Irish-Salem.com
Email Us My Blog

Battle Over For Teacher Cleared Of Child Abuse.

The Daily Mail, 16 May 2009 by Paul Caffrey

AN INNOCENT teacher found not guilty of sexually abusing pupils wept openly as he was told he can go back to the post he was not allowed to hold for the past 12 years.

However, Patsy McGlinchey, who was supported by his wife Dympna in court yesterday, still cannot return to work.

Despite yesterday's decision, he will have to wait for an inquiry, which he requested, to be carried out.

He has insisted on his innocence all along.

The teacher, in his early 50s, was acquitted back in 2002 of abusing a number of pupils in the Limerick special needs school where he taught.

But he has not been allowed to teach there since 1997.

The married father's battle to go back to work started when he was acquitted of the charges, following a 17-day criminal trial in 2002.

The teacher has remained suspended on full pay for nearly 12 years and had to go to the High Court to fight to have his name cleared once and for all.

Outside court yesterday, Mr McGlinchey's wife Dympna McGlinchey declared: 'We just want to say we're very, very happy with the outcome today.' Mr McGlinchey, with an address in Newport, Co. Tipperary, sobbed uncontrollably with relief yesterday and had to leave the courtroom half an hour before the settlement was formally announced to the court.

The High Court was then told that the teacher and the school had reached a resolution in the case, and that the court could make an order quashing the suspension.

Peter Finlay SC, for the teacher, said that he and the school had agreed to hold an 'independent inquiry in private', and that both sides were in agreement that Mr McGlinchey 'should not return to work pending the outcome of that inquiry'.

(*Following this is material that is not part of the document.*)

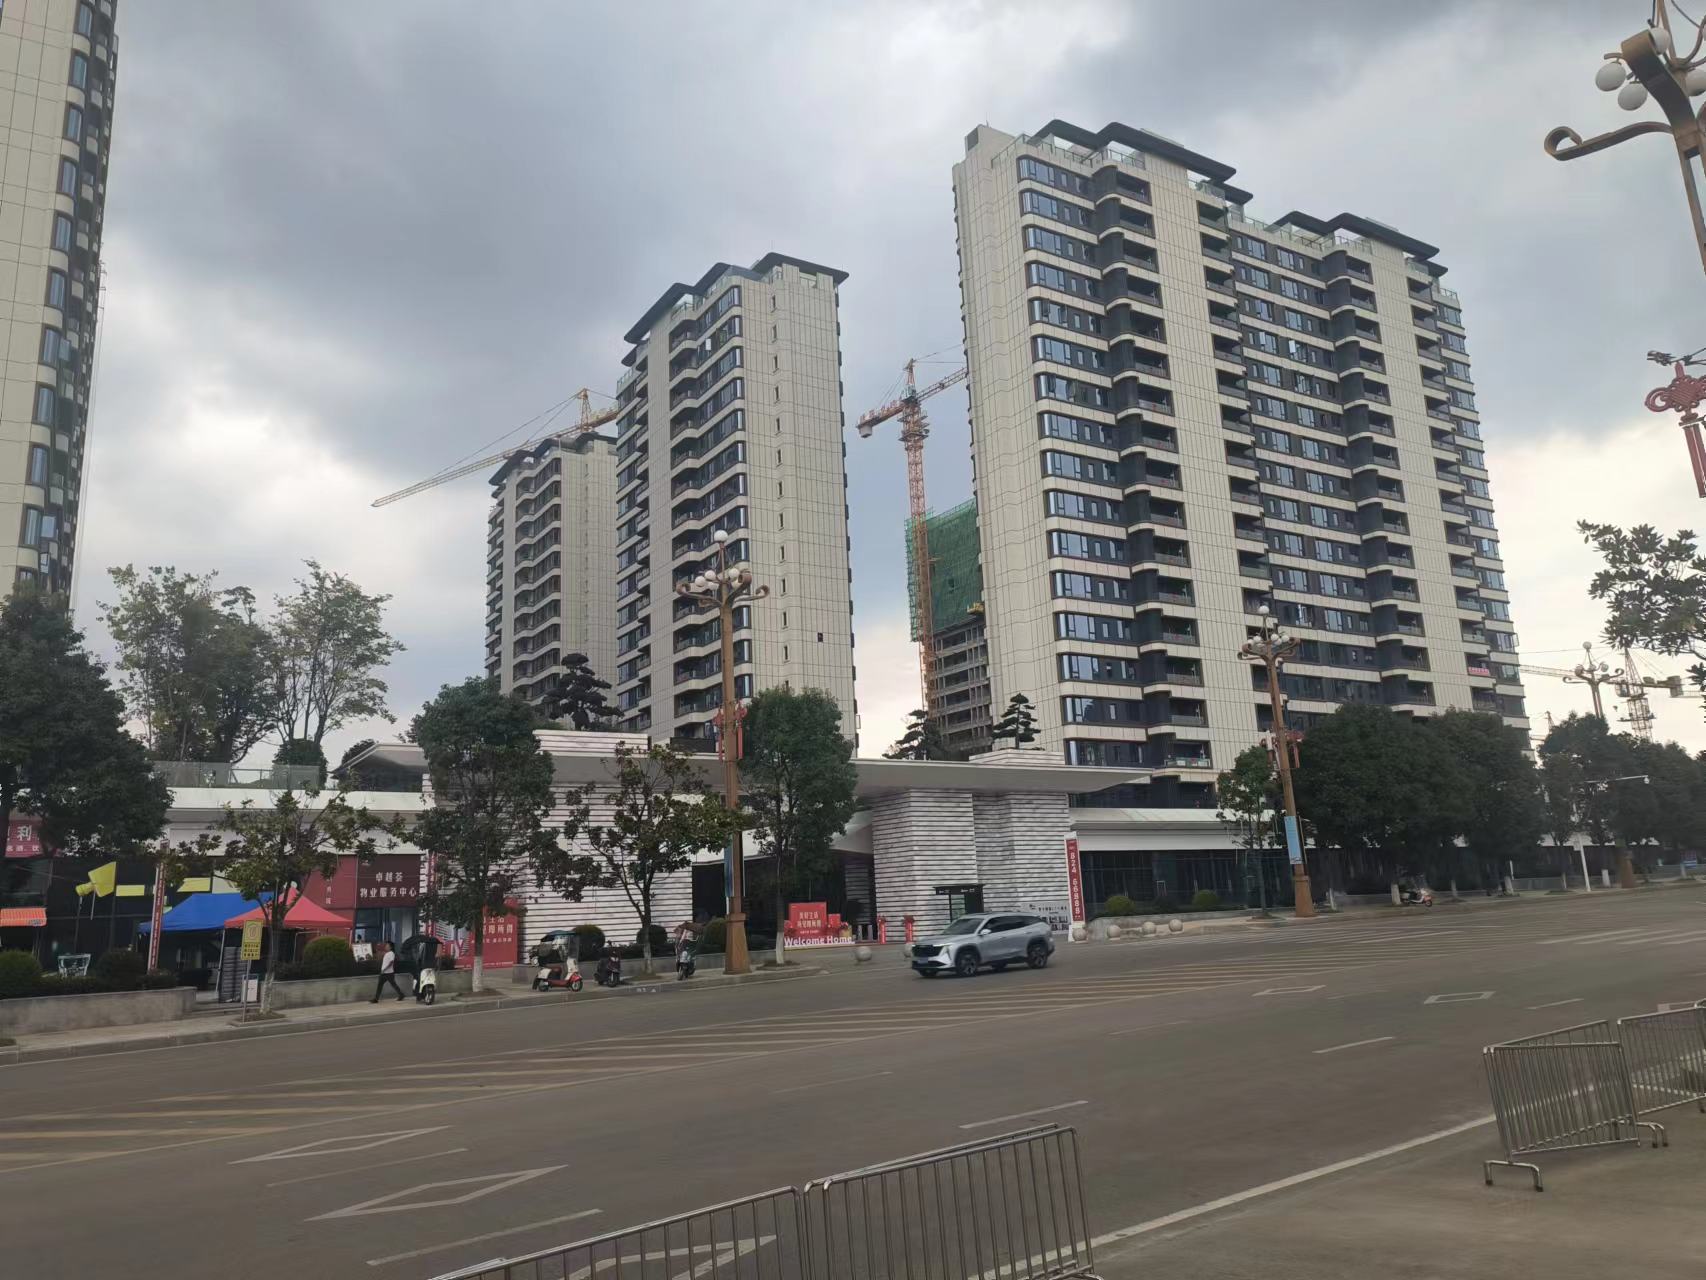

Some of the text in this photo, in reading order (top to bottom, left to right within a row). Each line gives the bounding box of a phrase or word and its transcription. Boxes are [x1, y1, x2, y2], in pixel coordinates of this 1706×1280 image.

[359, 887, 417, 898] 物业服务中心
[784, 936, 825, 947] Welcome

Mr McGlinchey, who is married with children, took the school, St Vincent's in Lisnagry, Co. Limerick, a private Daughters of Charity school funded by the Department of Education, to the High Court.

Mr Finlay told the court this week that his client wanted to be reinstated so that his good name and reputation could be fully restored, and described what his client had been through as 'one of the worst injustices I have ever seen'.

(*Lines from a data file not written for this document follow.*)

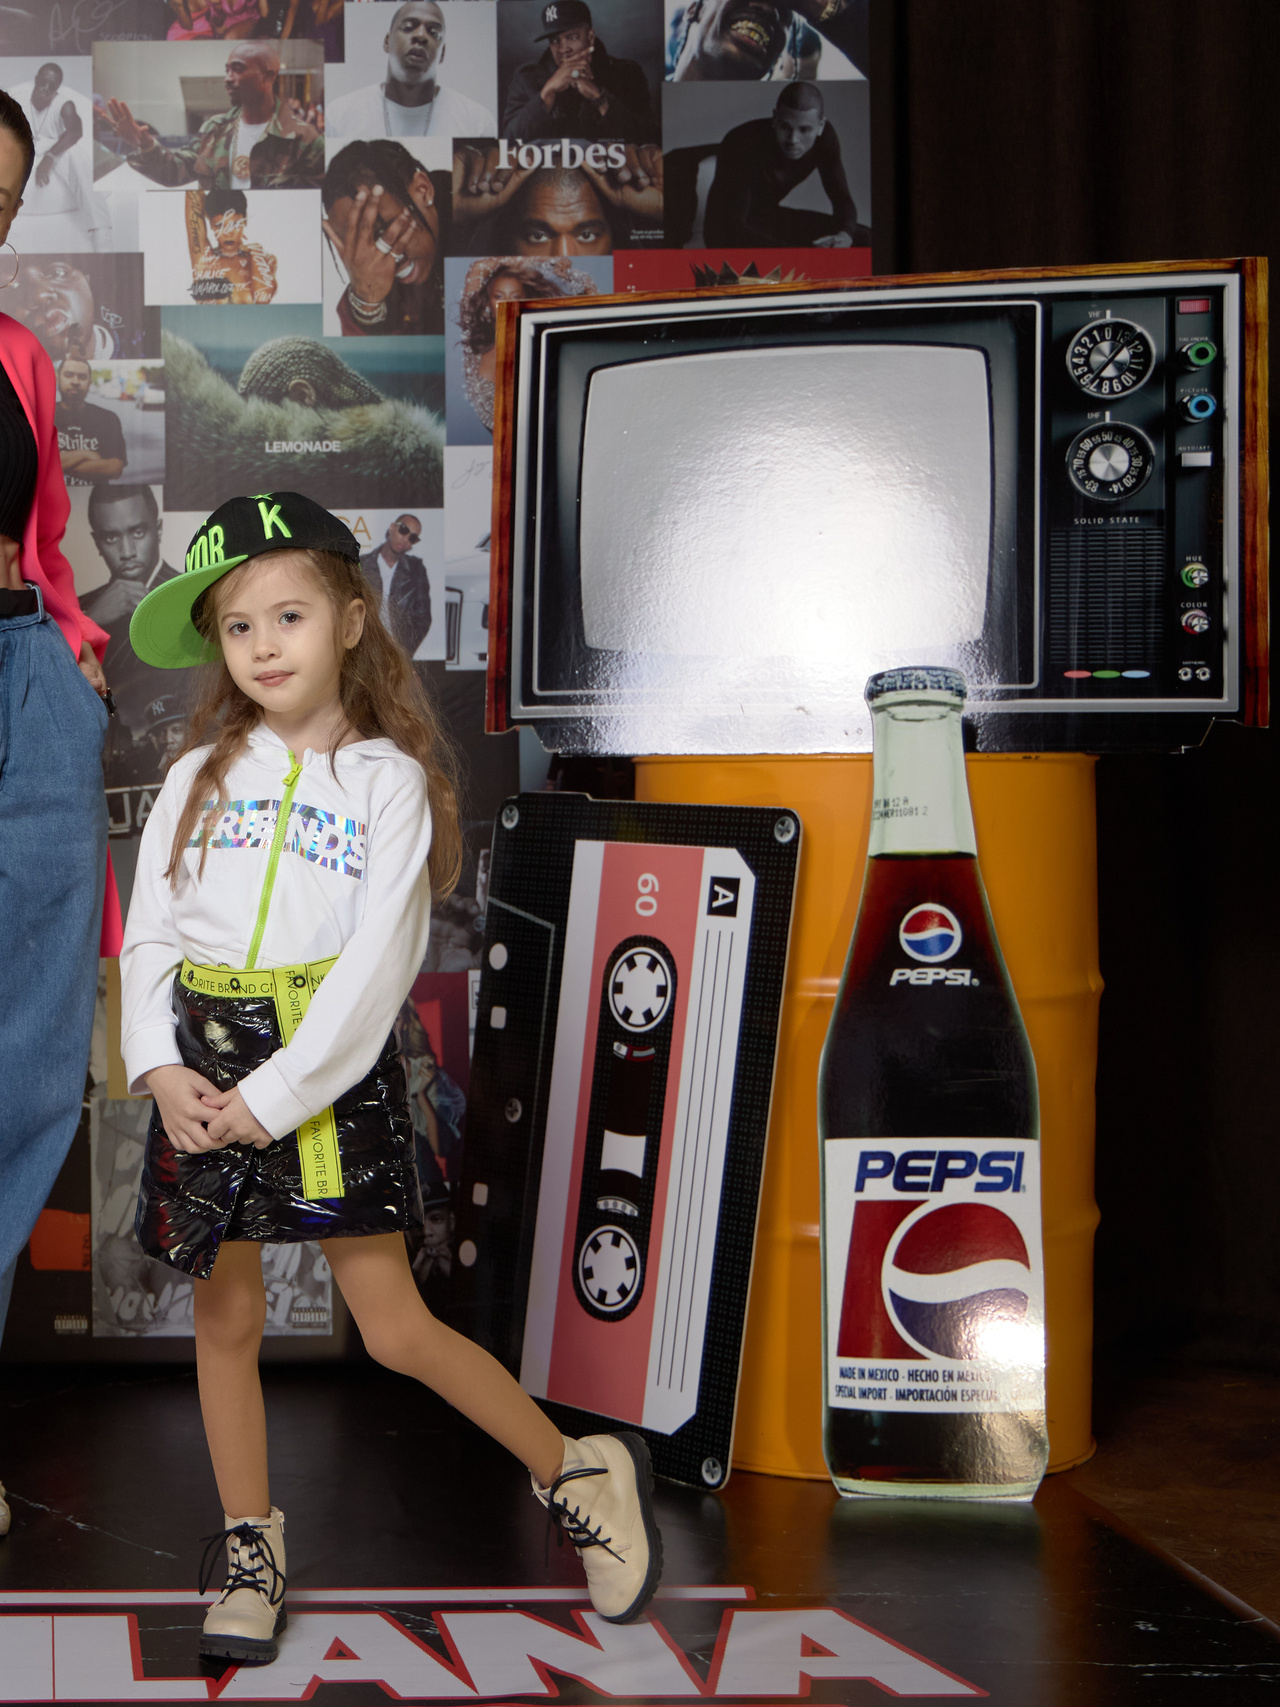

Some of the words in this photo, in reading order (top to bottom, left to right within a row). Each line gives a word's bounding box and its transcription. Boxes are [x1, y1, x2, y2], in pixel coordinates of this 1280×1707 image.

[495, 138, 627, 170] Forbes
[1092, 330, 1100, 342] 1
[1104, 327, 1112, 340] 0
[1081, 336, 1094, 348] 2
[1128, 340, 1143, 355] 12
[1074, 346, 1088, 355] 3
[1072, 357, 1085, 365] 4
[1074, 366, 1088, 376] 5
[1080, 373, 1093, 385] 6
[1089, 378, 1099, 392] 7
[1112, 379, 1122, 392] 9
[1121, 372, 1136, 387] 10
[1102, 380, 1109, 394] 8
[1101, 431, 1113, 441] 50
[1122, 437, 1135, 448] 40
[265, 440, 341, 453] LEMONADE
[1080, 438, 1093, 451] 60
[1073, 459, 1084, 470] 70
[1132, 455, 1143, 467] 30
[1122, 474, 1136, 488] 20
[258, 502, 292, 540] K
[635, 873, 659, 917] 60
[712, 884, 734, 908] A
[285, 970, 303, 1024] FAVORITE
[310, 1121, 327, 1177] FAVORITE
[854, 1150, 1024, 1193] PEPSI
[839, 1366, 856, 1380] MADE
[858, 1367, 866, 1380] IN
[868, 1368, 899, 1382] MEXICO
[907, 1369, 939, 1383] HECHO
[942, 1369, 954, 1383] EN
[835, 1385, 856, 1398] SPECIAL
[858, 1386, 887, 1400] IMPORT
[895, 1385, 958, 1402] IMPORTACIÓN

The teacher's senior counsel told the judge that the terms of agreement would remain confidential, adding that it was 'not an easy case'.

paul.caffrey@dailymail.ie

http://www.thefreelibrary.com/Battle+over+for+teacher+cleared+of+child+abuse.-a0199944231


Court Quashes Teacher's Suspension
RTE NEWS Friday, 15 May 2009 22:16

A Limerick teacher who has been suspended from his job at a special needs school for the last 12 years has had his suspension quashed after reaching a settlement in the High Court.

Patrick McGlinchy was suspended from his job in 1997 following allegations he had abused a number of pupils in the special needs school.

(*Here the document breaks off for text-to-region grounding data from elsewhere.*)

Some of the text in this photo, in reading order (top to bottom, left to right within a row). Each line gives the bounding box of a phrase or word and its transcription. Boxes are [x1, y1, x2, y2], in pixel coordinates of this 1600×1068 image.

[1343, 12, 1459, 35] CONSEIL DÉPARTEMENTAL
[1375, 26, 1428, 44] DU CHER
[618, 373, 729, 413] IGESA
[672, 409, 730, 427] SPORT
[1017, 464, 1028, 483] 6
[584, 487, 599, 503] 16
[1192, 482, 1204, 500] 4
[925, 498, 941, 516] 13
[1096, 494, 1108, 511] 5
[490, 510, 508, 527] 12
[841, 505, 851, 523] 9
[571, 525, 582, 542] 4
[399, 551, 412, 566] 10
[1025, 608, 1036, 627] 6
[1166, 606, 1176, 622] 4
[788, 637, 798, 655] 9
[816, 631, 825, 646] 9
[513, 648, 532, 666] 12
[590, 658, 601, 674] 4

He always denied the claims and was cleared nearly seven years ago of sexually abusing pupils at the school and had applied for a High Court order reinstating him to his employment.

The High Court heard that as part of the settlement, an independent inquiry will now be held in private and that he should not return to work pending the outcome of that inquiry.

Speaking outside the court his wife, Dympna McGlinchy, said they were very happy with the outcome and that it had been a very tough 12 years for the family.

The High Court heard that an investigation by the HSE in 1997 into the allegations concluded he was a risk to children but, in 2002, he was acquitted by a jury of sex abuse charges following a 19-day trial at Dublin Circuit Criminal Court.

Witnesses who gave evidence at the trial on his behalf included a large number of teachers and two parents of the children he had taught.

Despite the acquittal, Mr McGlinchy remained suspended on full pay for nearly 12 years.

His counsel Peter Finlay SC said the case involved 'one of the worst injustices I have ever seen' with his client first suspended on 5 March 1997, after which garda and HSE inquiries took place.

The HSE had wrongly decided his client was a risk to children, Mr Finlay said.

Mr Finlay added that a senior HSE social worker who later carried out an assessment of the teacher had concluded Mr McGlinchy was not a danger to children.